> DATA TO PROCESS:

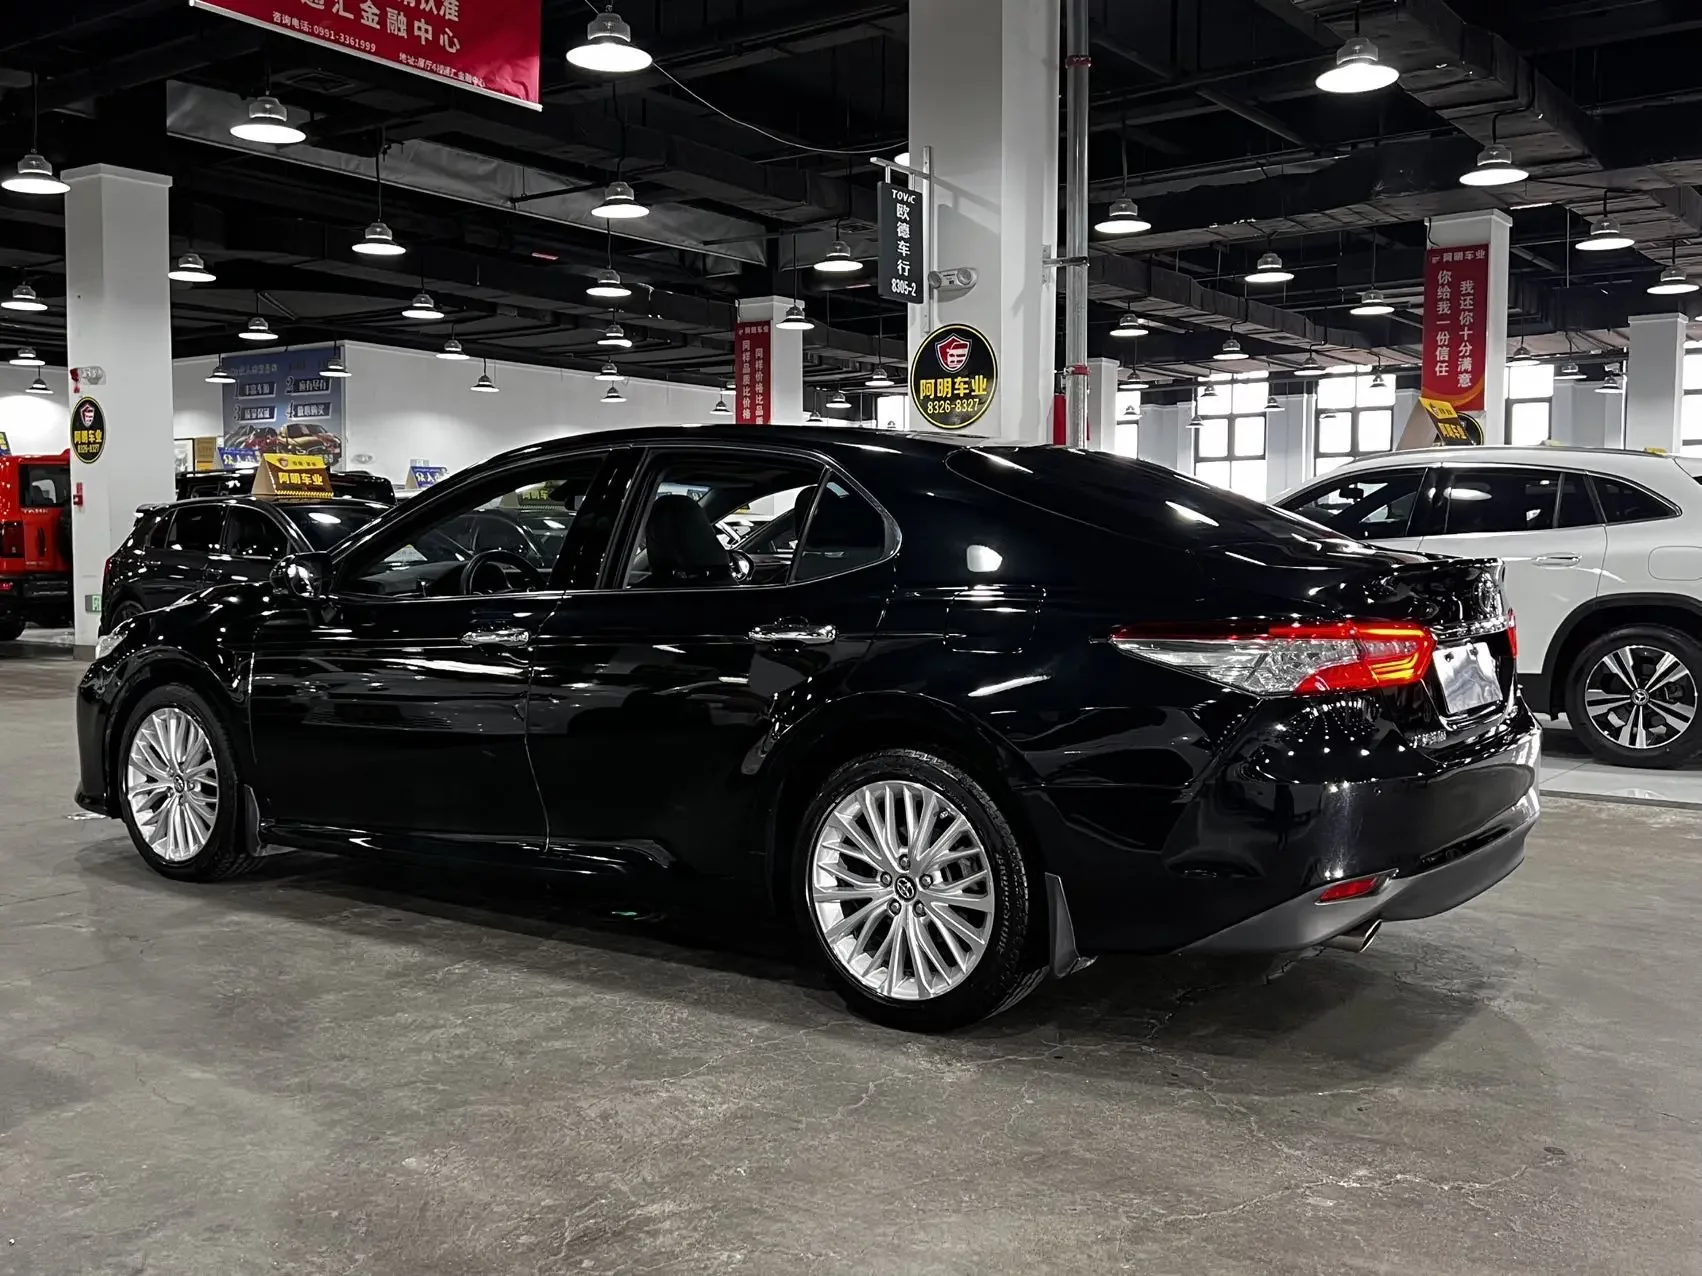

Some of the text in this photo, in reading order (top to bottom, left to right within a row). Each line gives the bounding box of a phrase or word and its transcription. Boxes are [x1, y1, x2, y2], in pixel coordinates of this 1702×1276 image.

[896, 202, 911, 276] 欧德车行
[891, 278, 917, 297] 8305-2
[1435, 270, 1452, 377] 你给我一份信任
[1457, 280, 1475, 388] 我还你十分满意
[920, 374, 987, 400] 阿明车业
[927, 398, 980, 414] 8326-8327
[278, 472, 323, 486] 阿明车业
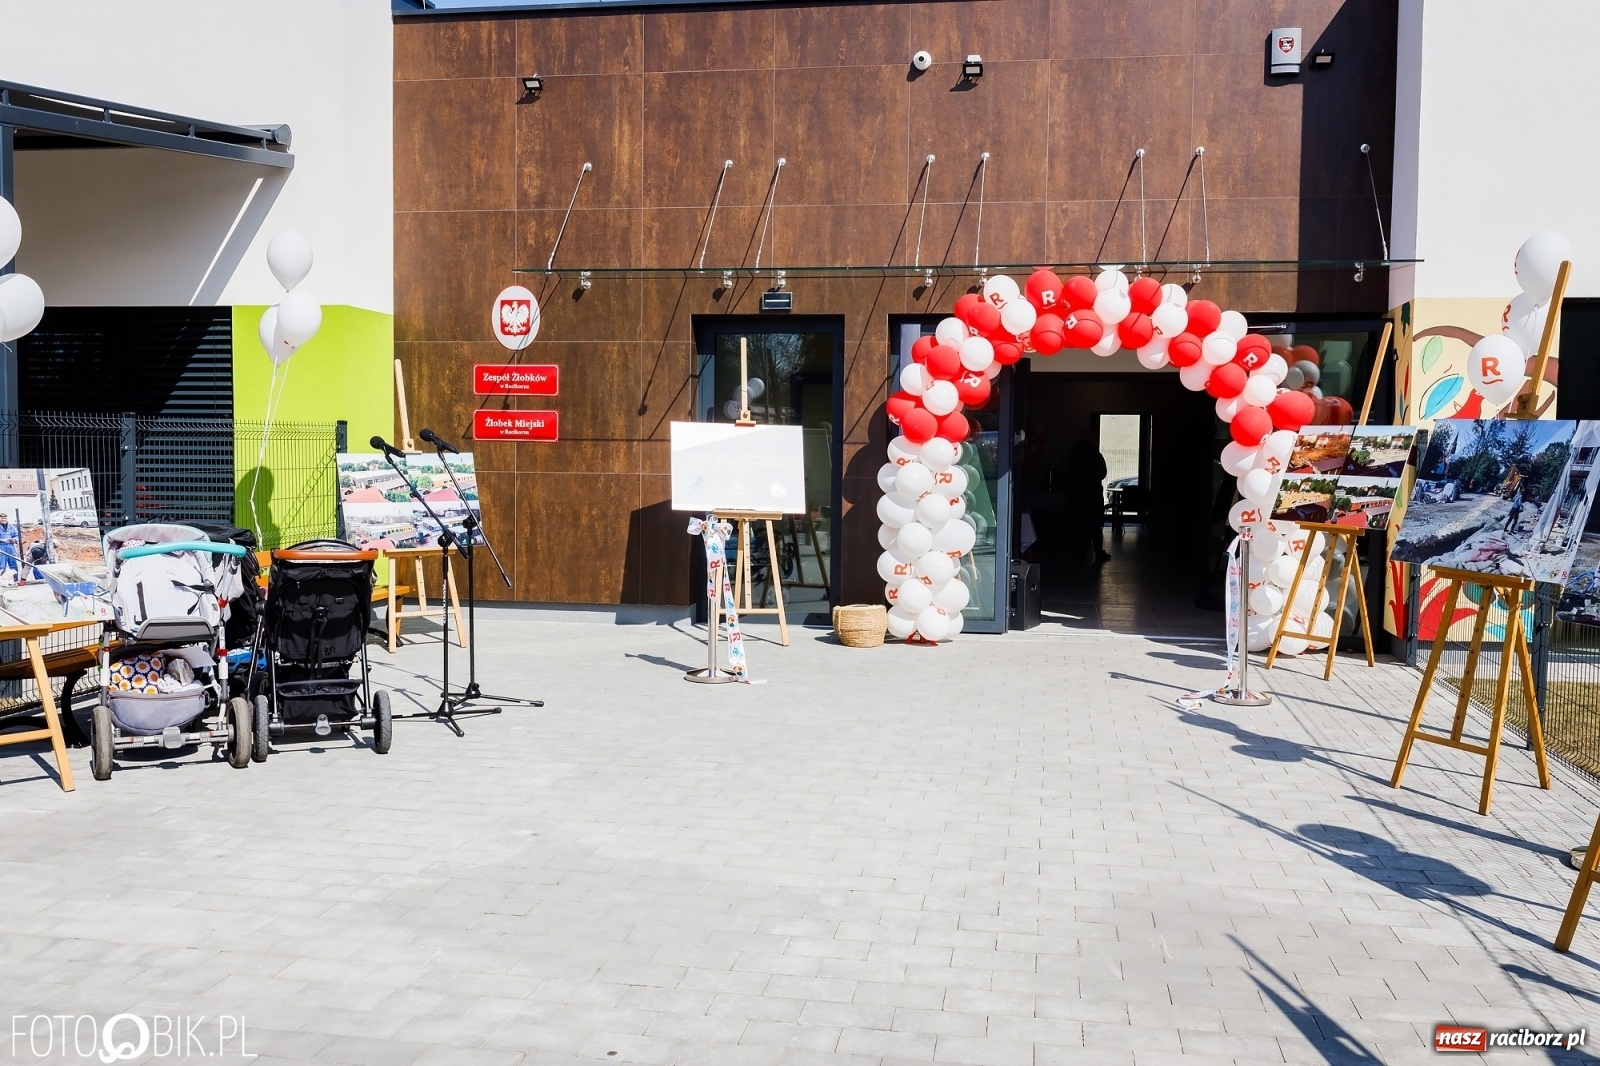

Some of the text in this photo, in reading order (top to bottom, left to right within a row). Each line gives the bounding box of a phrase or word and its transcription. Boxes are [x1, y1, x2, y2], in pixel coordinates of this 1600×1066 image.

[990, 292, 1004, 305] R
[1041, 290, 1056, 304] R
[1243, 352, 1258, 367] R
[1482, 356, 1501, 376] R
[483, 371, 547, 383] Zespół Żłobków
[966, 373, 982, 388] R
[485, 417, 544, 430] Żłobek Miejski
[1241, 510, 1256, 523] R
[1292, 539, 1305, 552] R
[710, 560, 720, 569] R
[894, 564, 907, 575] R
[889, 588, 898, 599] R
[733, 633, 741, 641] R

> ABOUT THIS TASK: All records are to be reproduced exactly; the pictures are to be omitted.

> WRITTEN REPLY:
Some of the text in this photo, in reading order (top to bottom, left to right within a row). Each line gives the bounding box of a phrase or word and its transcription. Boxes are [x1, y1, x2, y2], in pixel coordinates of this 1702×1276 image.

[896, 202, 911, 276] 欧德车行
[891, 278, 917, 297] 8305-2
[1435, 270, 1452, 377] 你给我一份信任
[1457, 280, 1475, 388] 我还你十分满意
[920, 374, 987, 400] 阿明车业
[927, 398, 980, 414] 8326-8327
[278, 472, 323, 486] 阿明车业

Some of the text in this photo, in reading order (top to bottom, left to right within a row). Each line gives the bounding box of a phrase or word and its transcription. Boxes are [x1, y1, x2, y2], in pixel coordinates of this 1600×1066 image.

[990, 292, 1004, 305] R
[1041, 290, 1056, 304] R
[1243, 352, 1258, 367] R
[1482, 356, 1501, 376] R
[483, 371, 547, 383] Zespół Żłobków
[966, 373, 982, 388] R
[485, 417, 544, 430] Żłobek Miejski
[1241, 510, 1256, 523] R
[1292, 539, 1305, 552] R
[710, 560, 720, 569] R
[894, 564, 907, 575] R
[889, 588, 898, 599] R
[733, 633, 741, 641] R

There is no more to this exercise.